HOW TO COMPLETE THIS TASK —
Only the lines from the one containing "this 1800×1200 image." through the end of the data belong in the answer; reproduce them exactly.

(Records from a data source)
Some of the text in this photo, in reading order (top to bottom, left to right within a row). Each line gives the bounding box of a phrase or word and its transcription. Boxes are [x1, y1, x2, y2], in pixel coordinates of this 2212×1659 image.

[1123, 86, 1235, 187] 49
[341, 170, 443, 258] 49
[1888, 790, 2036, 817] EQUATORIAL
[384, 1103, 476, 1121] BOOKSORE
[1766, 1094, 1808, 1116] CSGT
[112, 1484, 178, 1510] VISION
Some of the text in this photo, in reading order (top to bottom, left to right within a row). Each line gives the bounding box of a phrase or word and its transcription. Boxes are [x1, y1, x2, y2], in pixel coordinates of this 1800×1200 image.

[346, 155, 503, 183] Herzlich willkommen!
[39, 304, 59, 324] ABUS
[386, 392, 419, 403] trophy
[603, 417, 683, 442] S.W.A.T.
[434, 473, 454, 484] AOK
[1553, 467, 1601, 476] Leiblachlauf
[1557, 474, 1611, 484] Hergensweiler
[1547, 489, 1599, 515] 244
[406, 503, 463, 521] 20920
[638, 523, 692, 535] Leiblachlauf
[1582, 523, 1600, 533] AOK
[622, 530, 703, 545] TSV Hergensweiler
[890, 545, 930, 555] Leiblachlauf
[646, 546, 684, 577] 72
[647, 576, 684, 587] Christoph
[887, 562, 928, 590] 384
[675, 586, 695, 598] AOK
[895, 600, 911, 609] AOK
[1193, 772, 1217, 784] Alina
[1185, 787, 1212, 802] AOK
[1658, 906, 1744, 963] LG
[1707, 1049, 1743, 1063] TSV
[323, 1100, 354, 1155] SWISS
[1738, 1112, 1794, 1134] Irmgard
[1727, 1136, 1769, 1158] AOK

ANSWER —
Some of the text in this photo, in reading order (top to bottom, left to right within a row). Each line gives the bounding box of a phrase or word and its transcription. Boxes are [x1, y1, x2, y2], in pixel coordinates of this 1800×1200 image.

[346, 155, 503, 183] Herzlich willkommen!
[39, 304, 59, 324] ABUS
[386, 392, 419, 403] trophy
[603, 417, 683, 442] S.W.A.T.
[434, 473, 454, 484] AOK
[1553, 467, 1601, 476] Leiblachlauf
[1557, 474, 1611, 484] Hergensweiler
[1547, 489, 1599, 515] 244
[406, 503, 463, 521] 20920
[638, 523, 692, 535] Leiblachlauf
[1582, 523, 1600, 533] AOK
[622, 530, 703, 545] TSV Hergensweiler
[890, 545, 930, 555] Leiblachlauf
[646, 546, 684, 577] 72
[647, 576, 684, 587] Christoph
[887, 562, 928, 590] 384
[675, 586, 695, 598] AOK
[895, 600, 911, 609] AOK
[1193, 772, 1217, 784] Alina
[1185, 787, 1212, 802] AOK
[1658, 906, 1744, 963] LG
[1707, 1049, 1743, 1063] TSV
[323, 1100, 354, 1155] SWISS
[1738, 1112, 1794, 1134] Irmgard
[1727, 1136, 1769, 1158] AOK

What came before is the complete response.